Albeit thin on context, the ministry’s figures show that in the 2014/15 financial year almost 70 police firearms went missing. Of this, 12 went missing from bathrooms and at least five went missing while the police officer was under the influence of alcohol. In the same financial year 612 service firearms were reported stolen, mainly through robberies in township areas and house break-ins. A further 79 firearms have not been classified, and it is not clear if they were stolen or missing.
In the following two financial years a total of 160 firearms went missing of which 21 vanished from bathrooms. The figures also show that in these two financial years at least five police officers were drunk when their firearms went missing. Over the same period just over 1,200 firearms were reported stolen and further 204 firearms are yet to be classified as either missing or stolen over this period. Most of the incidents occurred in KwaZulu-Natal, Gauteng and the Eastern Cape. According to the ministry only 11 pistols and two shotguns have been recovered since April this year, minuscule compared to the thousands of firearms lost.
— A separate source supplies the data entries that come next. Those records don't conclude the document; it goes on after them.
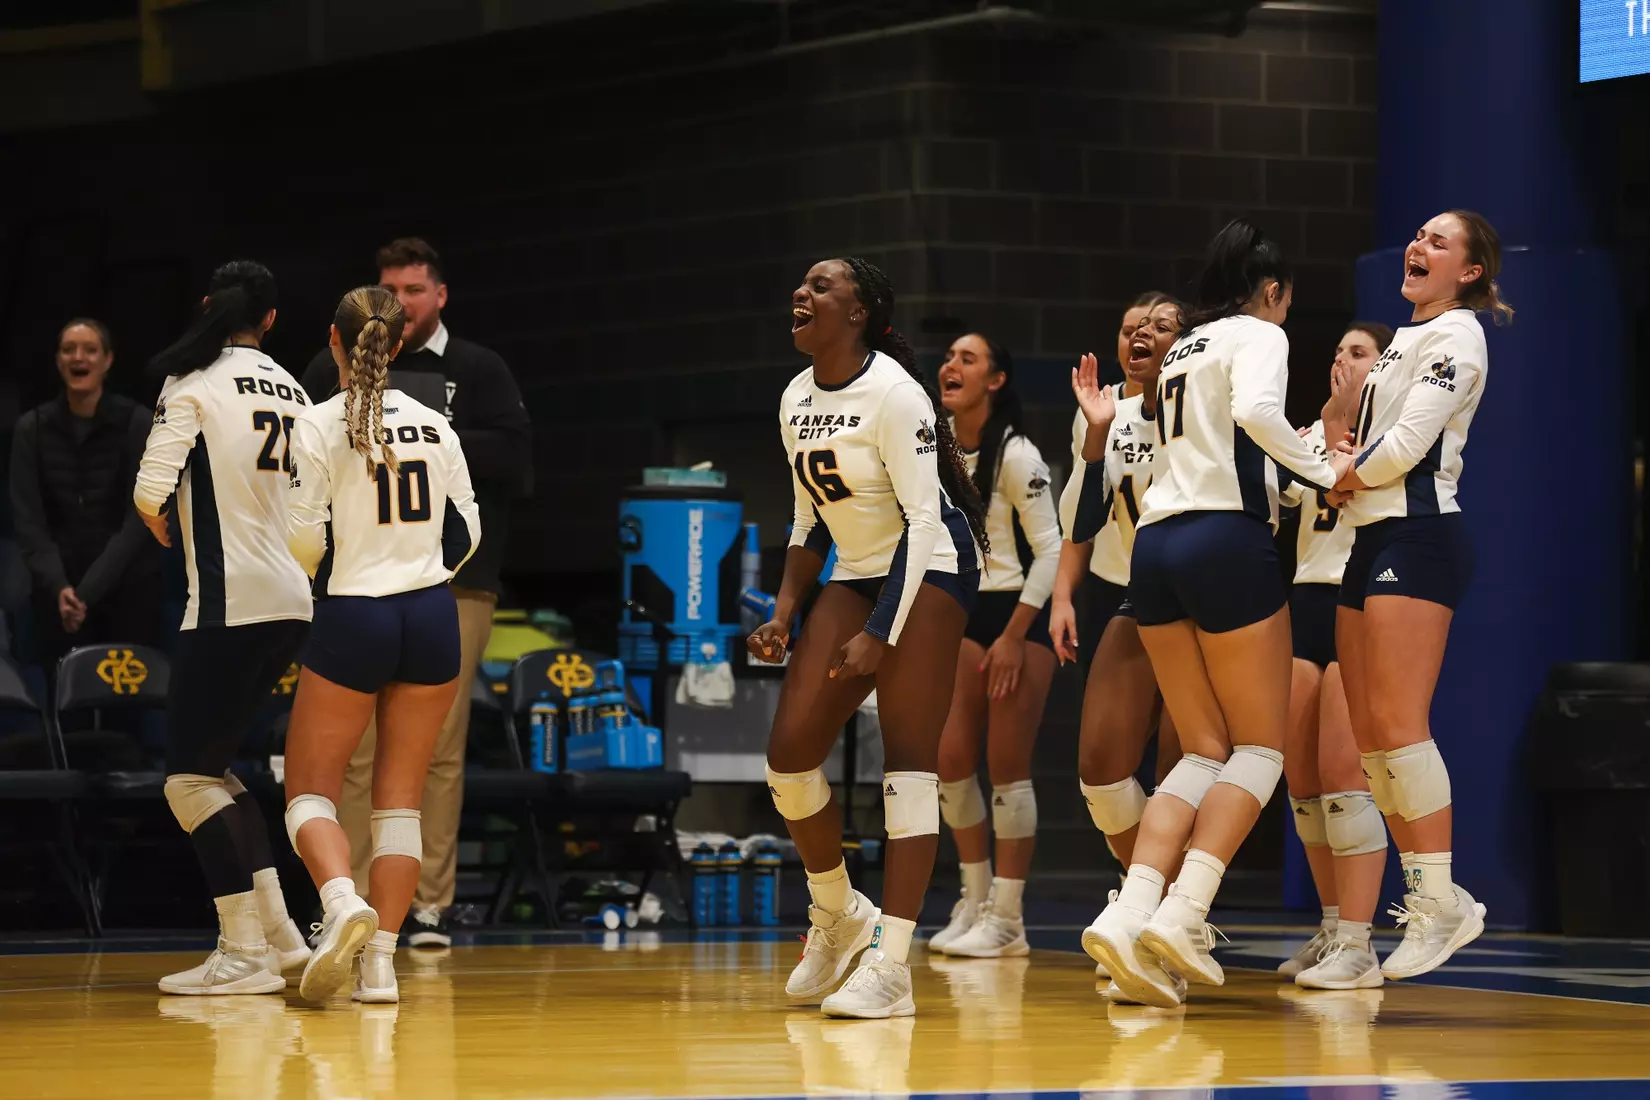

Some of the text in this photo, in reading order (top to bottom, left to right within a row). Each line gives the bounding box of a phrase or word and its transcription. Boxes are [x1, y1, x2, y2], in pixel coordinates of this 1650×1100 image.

[233, 376, 306, 407] ROOS
[1421, 375, 1457, 393] ROOS
[789, 414, 862, 428] KANSAS
[1156, 371, 1189, 447] 17
[798, 427, 840, 440] CITY
[371, 458, 432, 526] 10
[794, 448, 855, 507] 16
[687, 508, 704, 620] POWERADE
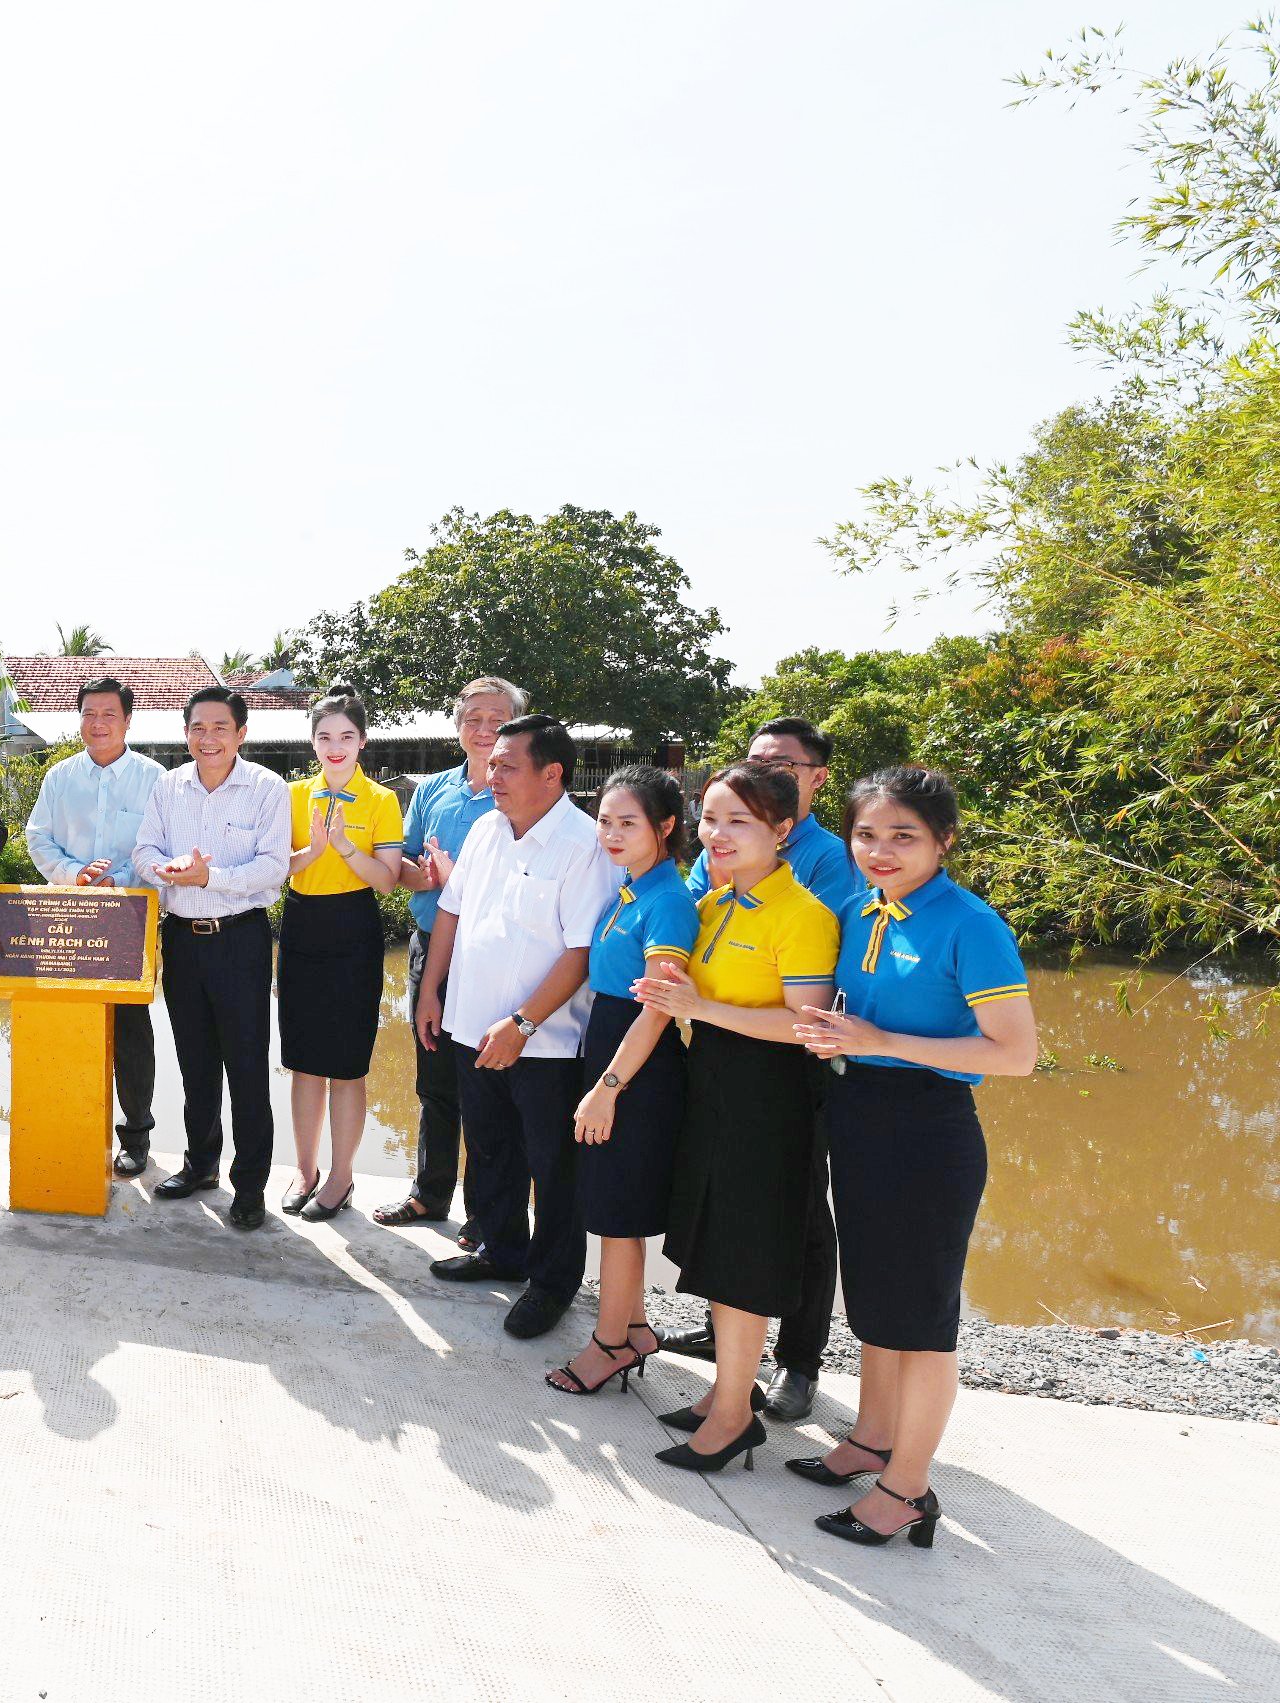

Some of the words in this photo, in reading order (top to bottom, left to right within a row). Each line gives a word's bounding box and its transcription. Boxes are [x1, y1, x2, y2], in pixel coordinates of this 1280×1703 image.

DA MP Dianne Kohler-Barnard, in a statement, said the 8% increase over this period is “unacceptable as it makes a mockery of the fight against crime”.
“Gun violence remains one of South Africa’s top crime categories and SAPS cannot continue to turn a blind eye to disappearing firearms from its police stations.” According to Kohler-Barnard the DA will submit further questions to determine how many of the lost or stolen firearms have since been linked to crimes. She said this showed “carelessness and neglect” on the part of SAPS. “We cannot have a police service that is aiding and abetting criminal activity due to negligence.”
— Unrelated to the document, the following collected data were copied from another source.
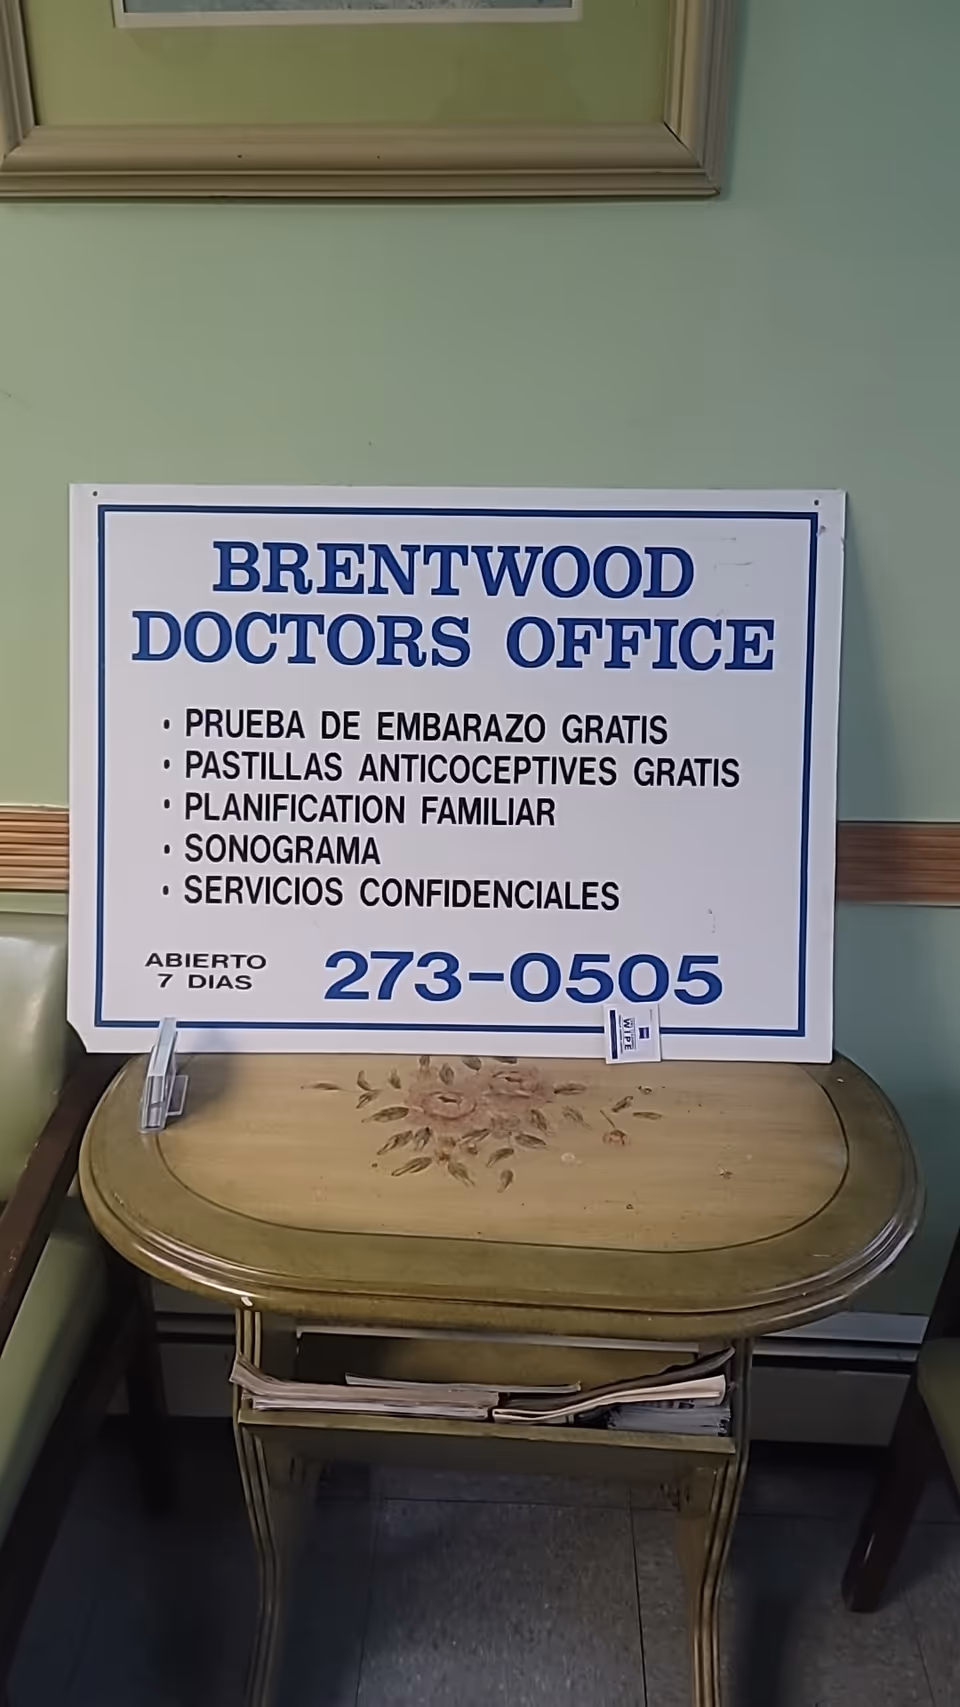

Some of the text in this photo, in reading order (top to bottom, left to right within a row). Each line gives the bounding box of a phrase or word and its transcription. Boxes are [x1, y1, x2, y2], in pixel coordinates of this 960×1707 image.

[212, 540, 695, 600] BRENTWOOD
[131, 610, 775, 672] DOCTORS OFFICE
[185, 708, 668, 745] PRUEBA DE EMBARAZO GRATIS
[185, 750, 740, 788] PASTILLAS ANTICOCEPTIVES GRATIS
[185, 791, 556, 826] PLANIFICATION FAMILIAR
[184, 832, 381, 865] SONOGRAMA
[184, 874, 620, 911] SERVICIOS CONFIDENCIALES
[144, 952, 267, 970] ABIERTO
[324, 950, 723, 1006] 273-0505
[157, 973, 253, 990] 7 DIAS
[622, 1018, 633, 1051] WIPE
Firearms missing from evidence rooms
EFF MP Phillip Mhlongo has asked how many firearms went missing from SAPS stores and evidence rooms.
The answer is also alarming. Minister of Police Fikile Mbalula’s figures show that one firearm went missing from SAPS provisions stores in 2015/16 but the following year that sky-rocketed to 43.
The minister said the date when this happened is not known. A further 20 exhibit firearms were reported stolen from evidence rooms in the current financial year. “These firearms were reported stolen at the Bellville South Police Station,” Mbalula said. “An investigation is under way.”
Kohler-Barnard said these were probably weapons used in criminal activities that were kept as evidence and then stolen again from SAPS stores.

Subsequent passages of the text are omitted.